Whether or not the court erred: o In not deducting the sum of P35, 000.00, which private respondents recovered on the insurance on their house, from the award of damages. o In awarding excessive and/or unproved damages. o In applying the doctrine of res ipsa loquitur to the facts of the instant case.

Ruling:  Court finds that petitioner is liable for damages to private respondents as found by the Court of Appeals, the fact that private respondents have been indemnified by their insurer in the amount of P35,000.00 for the damage caused to their house and its contents has not escaped the attention of the Court. Hence, the Court holds that in accordance with Article 2207 of the Civil Code the amount of P35,000.00 should be deducted from the amount awarded as damages. Said article provides: o Art. 2207. If the plaintiff’s property has been insured, and he has receiv ed indemnity from the insurance company for the injury or loss arising out of the wrong or breach of contract complained of, the insurance company is subrogated to the rights of the insured against the wrongdoer or the person who violated the contract. If the amount paid by the insurance company does not fully cover the injury or loss, the aggrieved party shall be entitled to recover the deficiency from the person causing the loss or injury. The law is clear and needs no interpretation. Having been indemnified by their insurer, private respondents are only entitled to recover the deficiency from petitioner. On the other hand, the insurer, if it is so minded, may seek reimbursement of the amount it indemnified private respondents from petitioner. This is the essence of its right to be subrogated to the rights of the insured, as expressly provided in Article 2207. Upon payment of the loss incurred by the insured, the insurer is entitled to be subrogated pro tanto to any right of action which the insured may have against the third person whose negligence or wrongful act caused the loss.
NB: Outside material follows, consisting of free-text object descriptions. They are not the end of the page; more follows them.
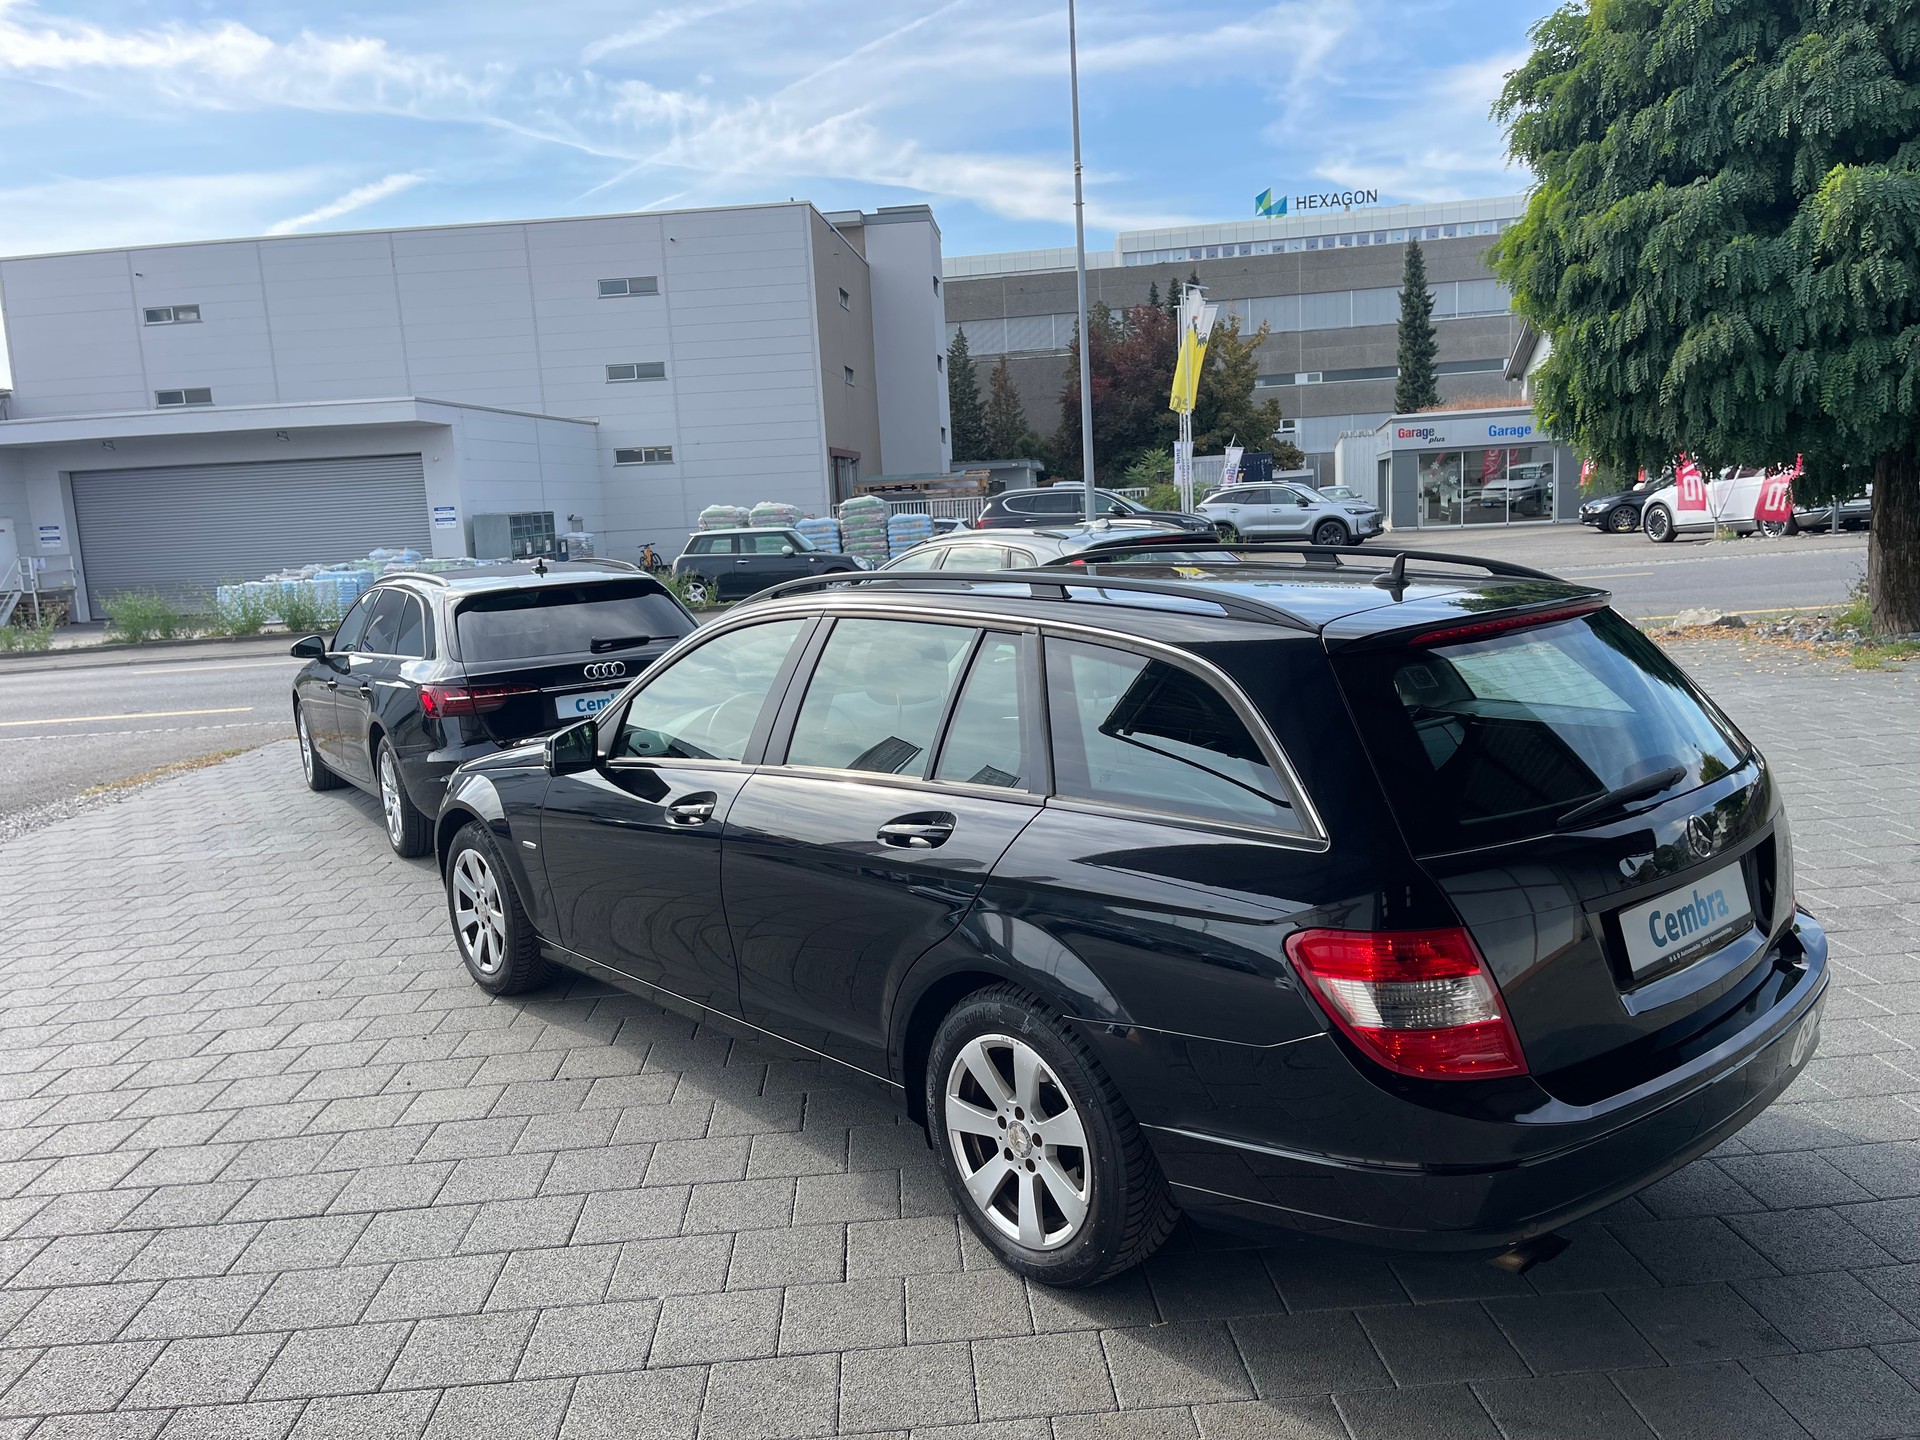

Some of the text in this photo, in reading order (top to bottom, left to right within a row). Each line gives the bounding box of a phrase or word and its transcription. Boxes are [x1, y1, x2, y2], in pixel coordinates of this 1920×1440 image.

[1296, 189, 1377, 210] HEXAGON
[1398, 428, 1435, 440] Garage
[1489, 425, 1531, 438] Garage
[1428, 436, 1446, 444] plus
[575, 693, 615, 713] Cem
[1649, 889, 1729, 948] Cembra
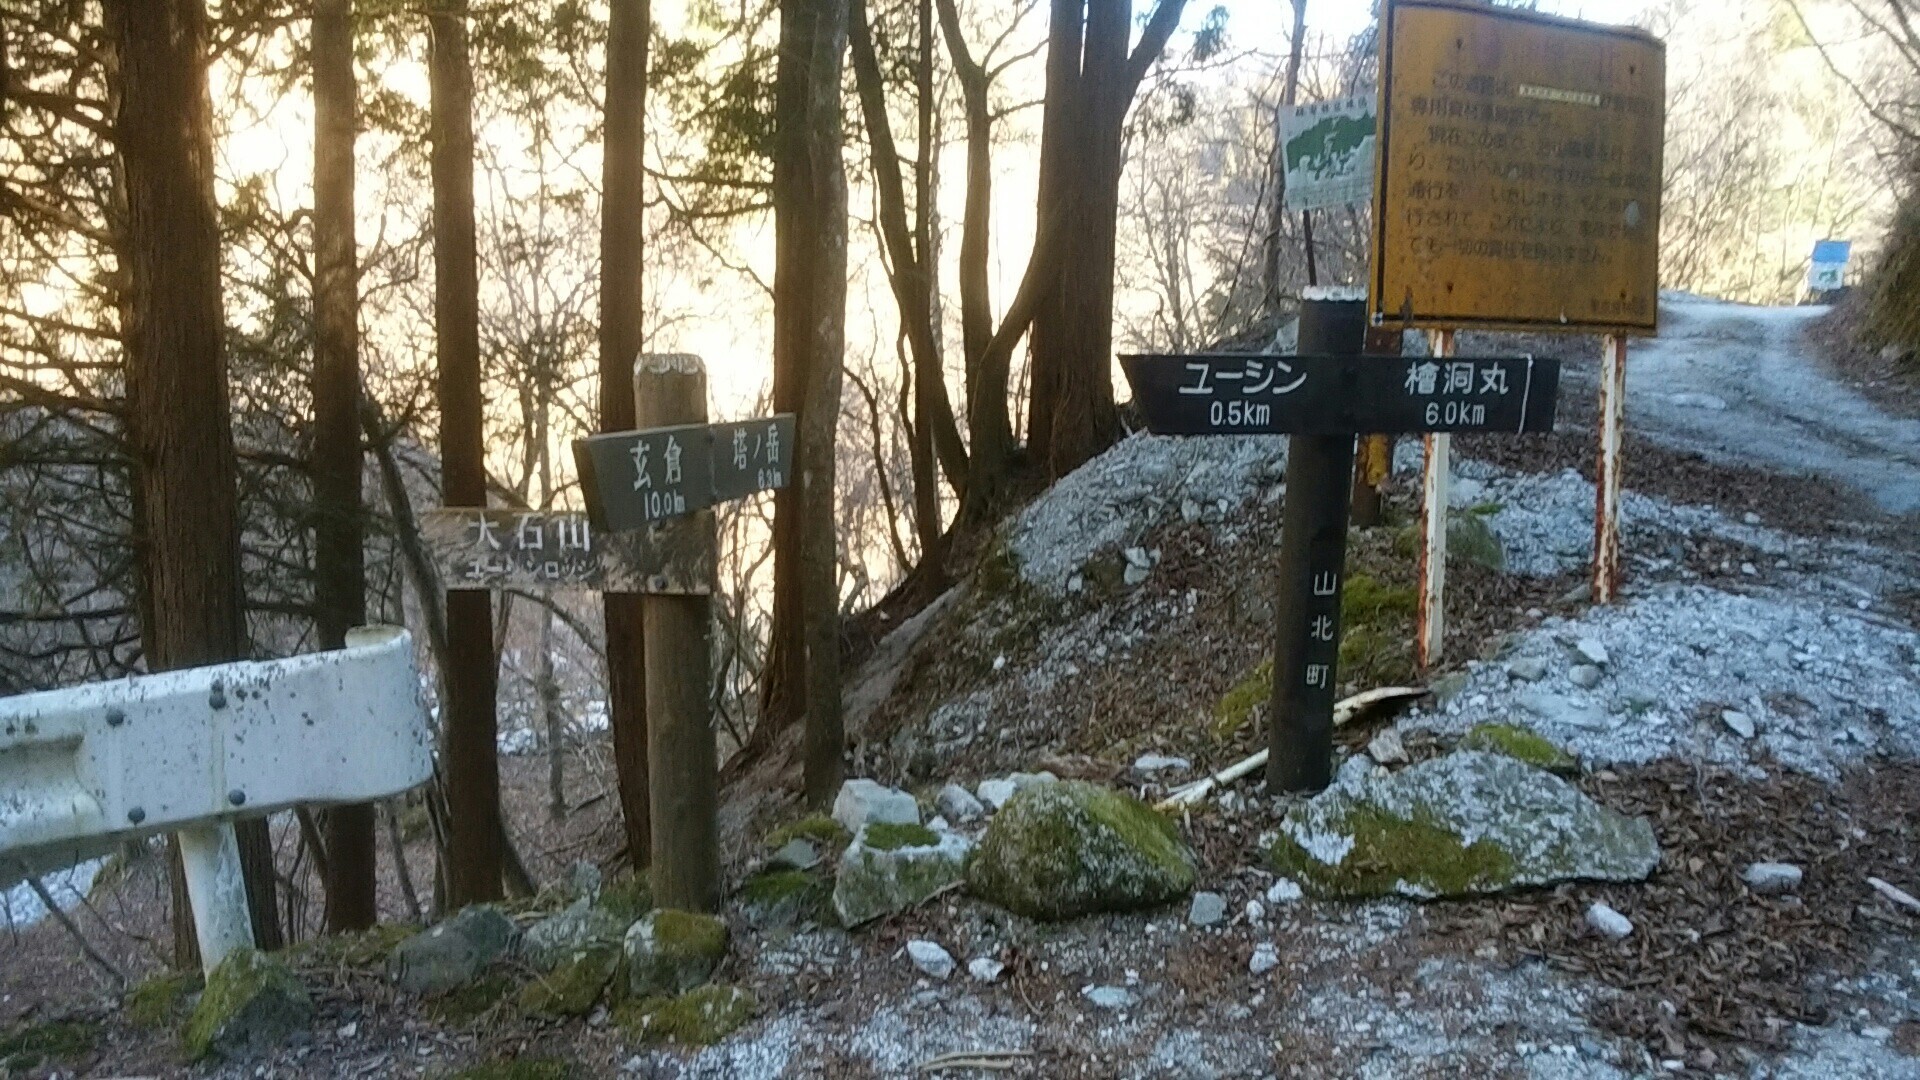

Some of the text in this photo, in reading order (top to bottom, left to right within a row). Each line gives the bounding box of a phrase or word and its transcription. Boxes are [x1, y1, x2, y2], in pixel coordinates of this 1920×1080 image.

Even without applying the doctrine of res ipsa loquitur, petitioner's failure to construct a firewall in accordance with city ordinances would suffice to support a finding of negligence. In the instant case, with more reason should petitioner be found guilty of negligence since it had failed to construct a firewall between its property and private respondents' residence which sufficiently complies with the pertinent city ordinances. The failure to comply with an ordinance providing for safety regulations had been ruled by the Court as an act of negligence.